Description of the task: Retype each record exactly; no pictures.

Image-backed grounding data
════

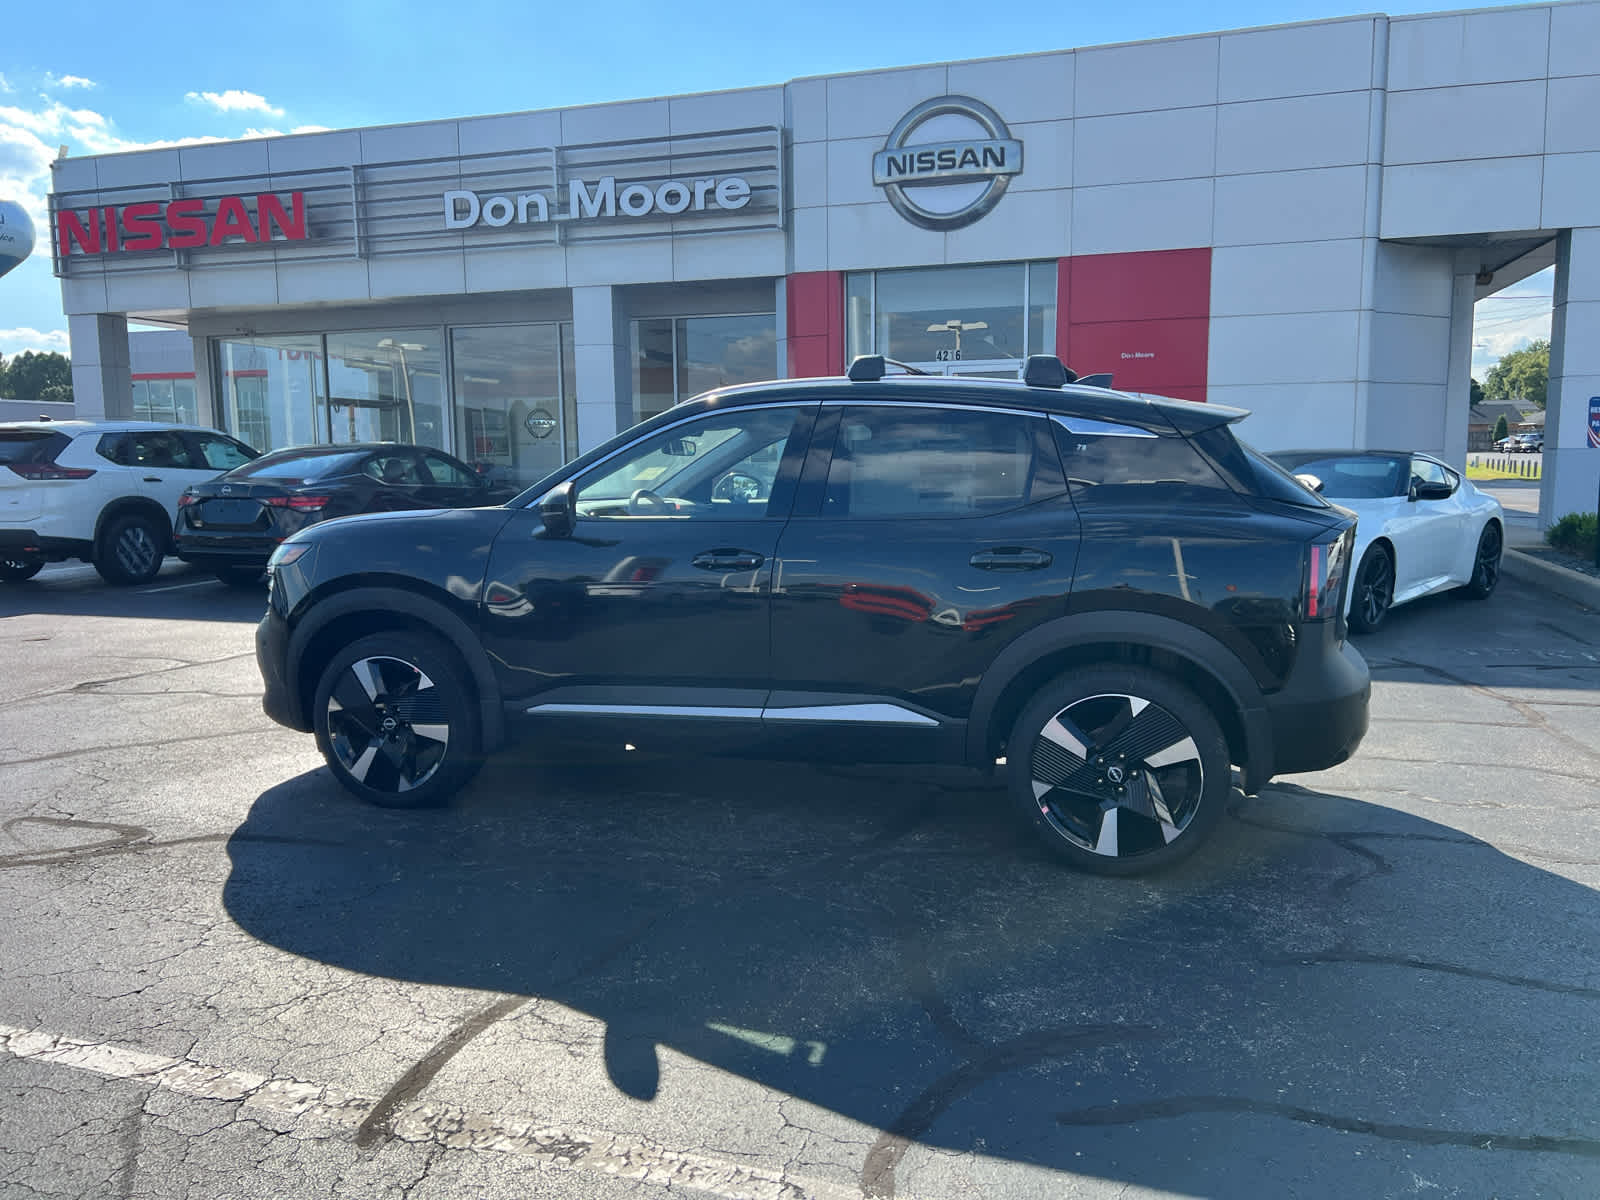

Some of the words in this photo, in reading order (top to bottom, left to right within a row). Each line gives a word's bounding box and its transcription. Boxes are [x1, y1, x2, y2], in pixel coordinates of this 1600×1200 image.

[887, 147, 1005, 176] NISSAN
[57, 191, 307, 257] NISSAN
[443, 189, 550, 230] Don
[568, 175, 752, 219] Moore
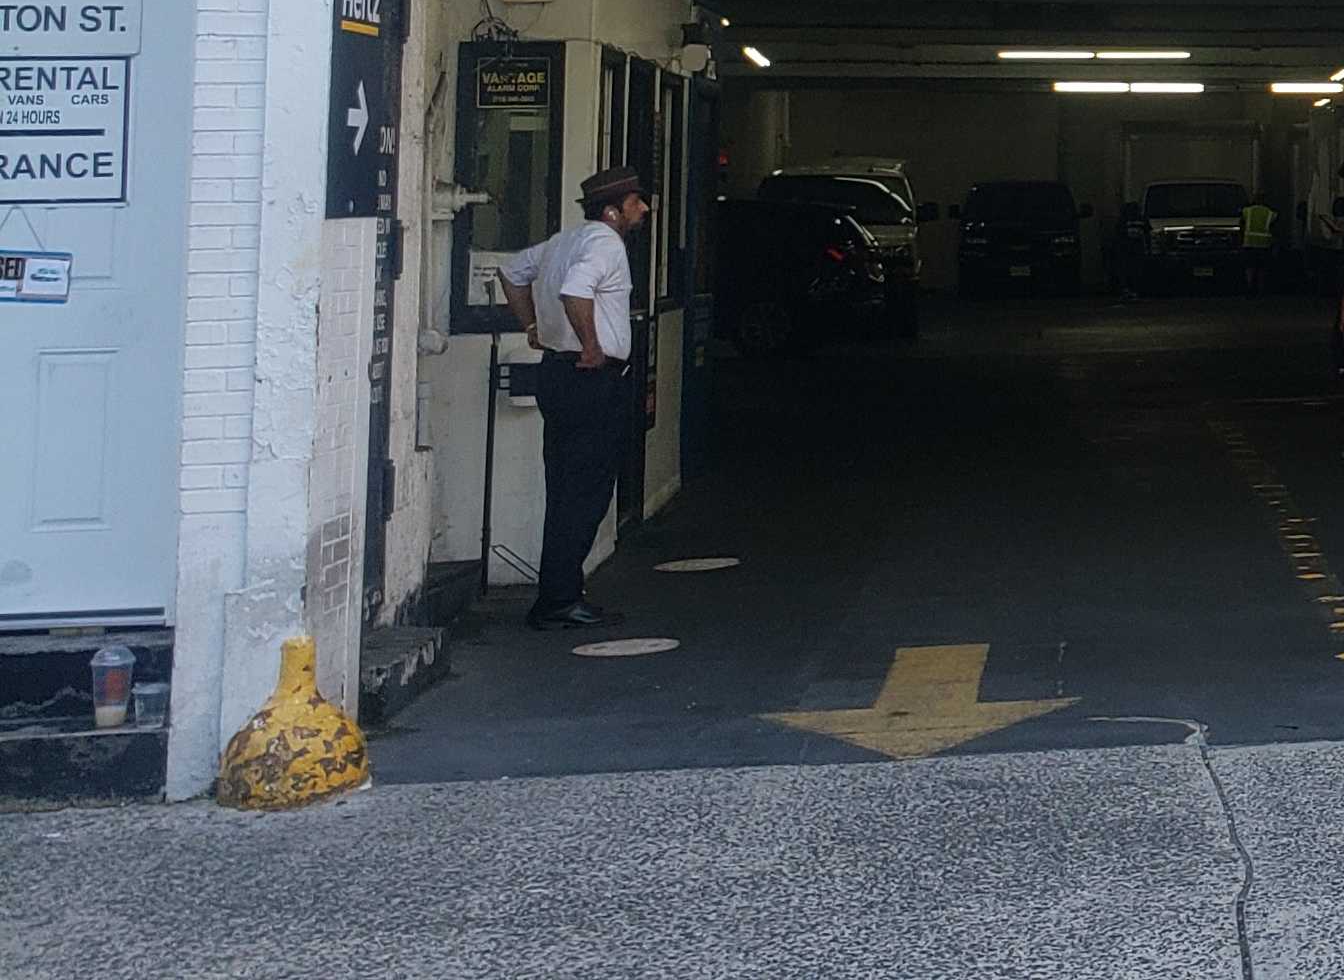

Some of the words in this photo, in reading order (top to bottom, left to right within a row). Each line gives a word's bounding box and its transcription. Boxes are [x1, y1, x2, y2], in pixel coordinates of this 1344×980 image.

[80, 5, 126, 32] ST.
[0, 67, 119, 90] RENTAL
[8, 95, 44, 105] VANS
[71, 94, 109, 105] CARS
[6, 110, 18, 124] 24
[22, 110, 60, 124] HOURS

════

The completed task:
Some of the words in this photo, in reading order (top to bottom, left to right within a row). Each line gives a word's bounding box and its transcription. Boxes are [x1, y1, x2, y2], in pixel coordinates of this 1600×1200 image.

[887, 147, 1005, 176] NISSAN
[57, 191, 307, 257] NISSAN
[443, 189, 550, 230] Don
[568, 175, 752, 219] Moore

Some of the words in this photo, in reading order (top to bottom, left to right within a row). Each line gives a word's bounding box and its transcription. Boxes are [x1, y1, x2, y2], in pixel coordinates of this 1344×980 image.

[80, 5, 126, 32] ST.
[0, 67, 119, 90] RENTAL
[8, 95, 44, 105] VANS
[71, 94, 109, 105] CARS
[6, 110, 18, 124] 24
[22, 110, 60, 124] HOURS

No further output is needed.